Oct 18, 2004

In this note, we will describe the algorithm named Sapparot. It is a pseudorandom number generator (PRNG) with good statistical characteristics and performance.

This generator consists of two 32-bit rotors with 32-bit output as a result of exclusive-OR (XOR) rotors confusion. The figure 1 below illustrates a round of Sapparot.

one round of Sapparot
Figure 1: One round of Sapparot

Both A and B denotes rotors and φ ("phi") is a golden ratio constant.
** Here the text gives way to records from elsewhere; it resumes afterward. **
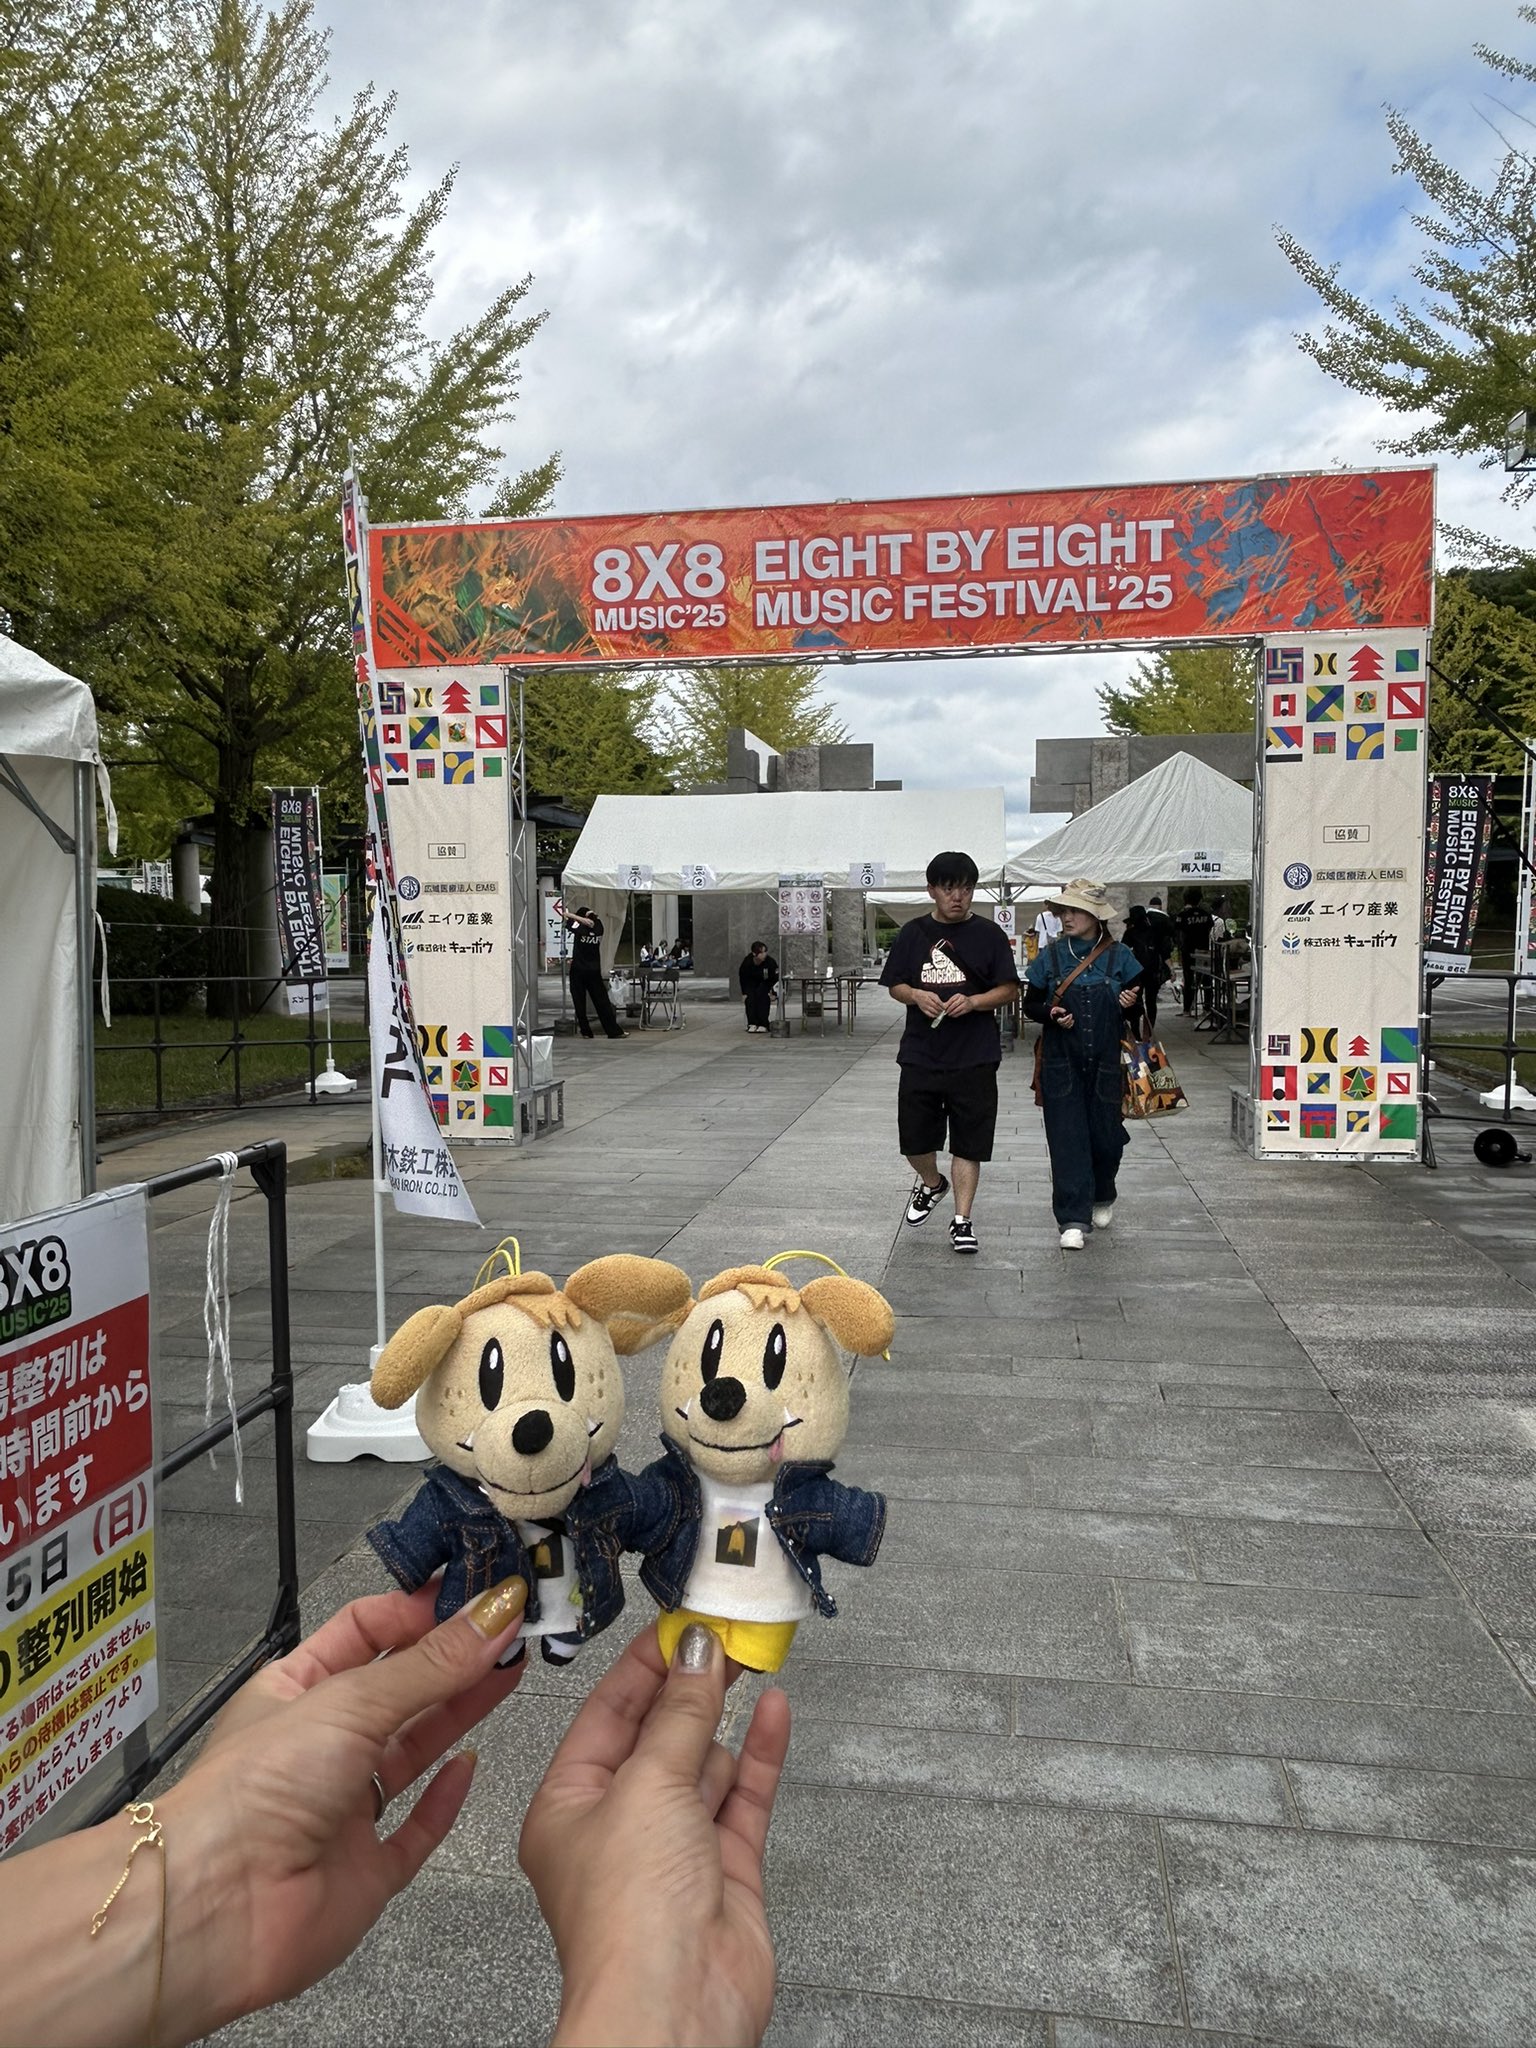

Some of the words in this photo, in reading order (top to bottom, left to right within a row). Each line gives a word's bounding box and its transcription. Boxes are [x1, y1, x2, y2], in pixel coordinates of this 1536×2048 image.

[592, 543, 726, 602] 8X8
[755, 533, 912, 582] EIGHT
[926, 529, 995, 573] BY
[1007, 519, 1174, 569] EIGHT
[595, 603, 726, 632] MUSIC'25
[756, 586, 893, 626] MUSIC
[904, 574, 1173, 620] FESTIVAL'25
[1448, 785, 1479, 798] 8X8
[1444, 810, 1461, 865] MUSIC
[1458, 810, 1477, 865] EIGHT
[1379, 870, 1403, 879] EMS
[1454, 868, 1471, 892] BY
[428, 911, 493, 925] エイワ産業
[1320, 902, 1399, 916] エイワ産業
[1429, 868, 1456, 944] FESTIVAL
[1443, 894, 1467, 949] EIGHT
[0, 1293, 70, 1338] USIC'25
[0, 1618, 151, 1742] る場所はございません。
[0, 1726, 123, 1851] 案内をいたします。
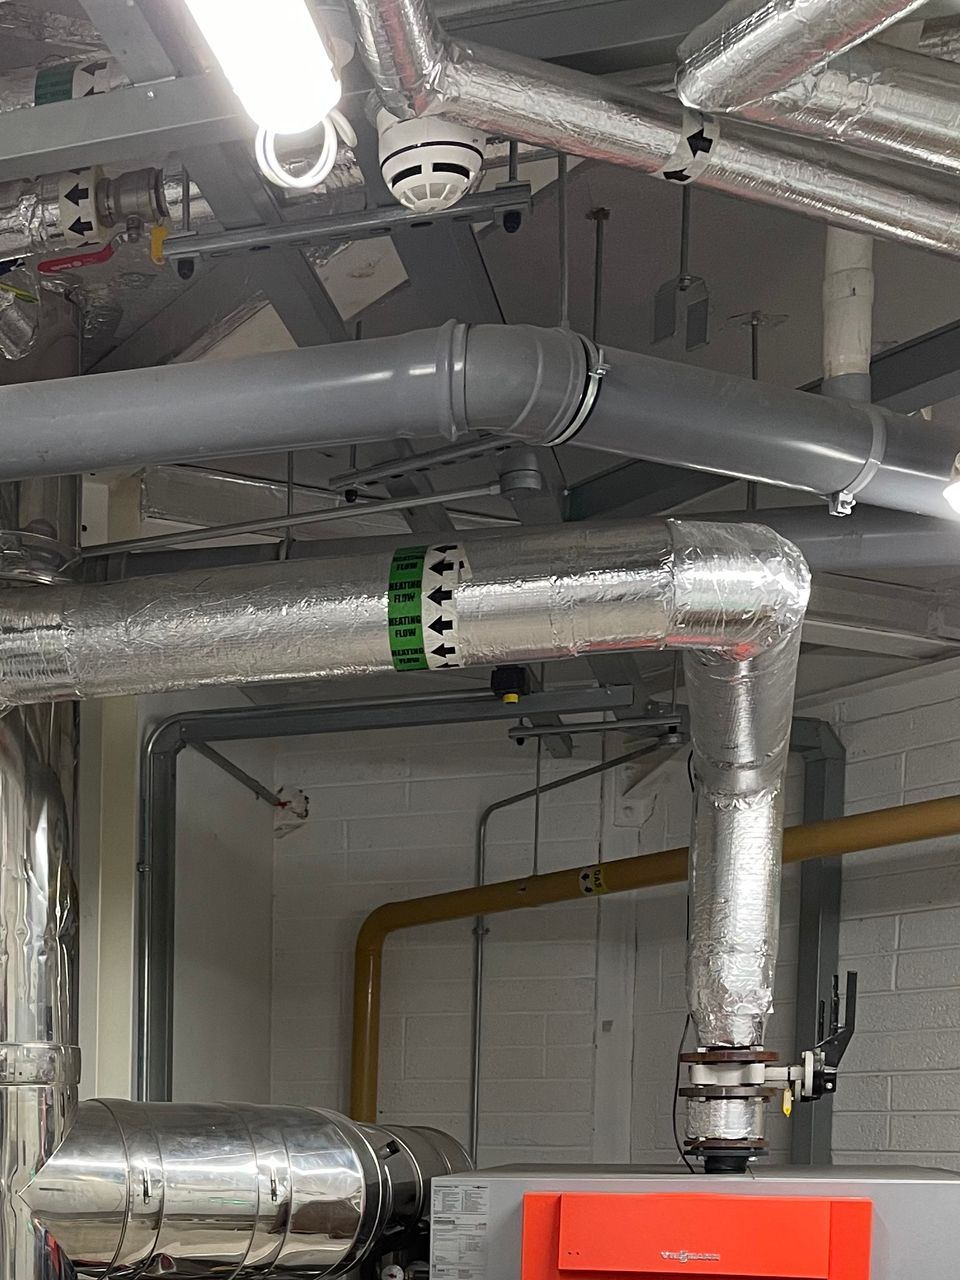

The rotors are synchronous and updates as

  A = (A + φ) <<< 7
  B = ( B ⊕ (¬A) ⊕ (A << 3) ) <<< 7

Rotors swap at the end of the round. The output random value is a result of (A ⊕ B). The PRNG seed is a 64-bit value that is the rotor's initial state. There are no weak seed values known for Sapparot at this moment.

Here is the portable C implementation of Sapparot:

  unsigned long Sapparot(void)
    static unsigned long a = 0, b = 0;

    a += 0x9e3779b9;  a = (a << 7) | (a >> 25);
    b ^= (~a) ^ (a <<3 ); b = (b << 7) | (b >> 25);
    b ^= a; a ^= b; b ^= a;

    return (a^b);
  } /* Sapparot */

The test vectors (hexadecimal values):

  A = 0, B = 0
  C95E78D3 1040CEB8 E65845CE 5D4283D0
  5B0C7C04 030FC74F 8B15AAFD BCDAF4EE

  36A3C7AC 0485B0EF 1772A301 E4B98B3D
  45FACCBD A747749E EE0D23AB 02EF9BE9

  A = 9E3779B9, B = 12345678
  88958DAE E5BCAF84 A91FDAD0 50667BB5
  0A4F5CB0 DEF039B0 F21A594B 1799BECA

About the name: "Sapparot" is the transliteration of "pineapple" in Thai. Thai is because of few years I spent there and a pineapple… well, there is already Rambutan as a cipher so why not be a pineapple as a PRNG.

Updated on Feb 1, 2005

Despite good statistical characteristics, Sapparot is cryptographically insecure primitive as pointed by David Wagner:

"Consider the t=32 version. Let (A,B) be one state value, and (A',B') be the next state value (without swap), so that

  A' = (A + phi) <<< 7
  B' = (B ^ not(A') ^ (A' << 3)) <<< 7

The two corresponding words of keystream output reveal D = A^B and D' = A'^B'.

Naïve attack: Guess A, use D to deduce B, calculate resulting A',B', identify correct guess using equation D' = A'^B'. Then can deduce all other keystream outputs. Workload (of this naïve attack): 2^t work.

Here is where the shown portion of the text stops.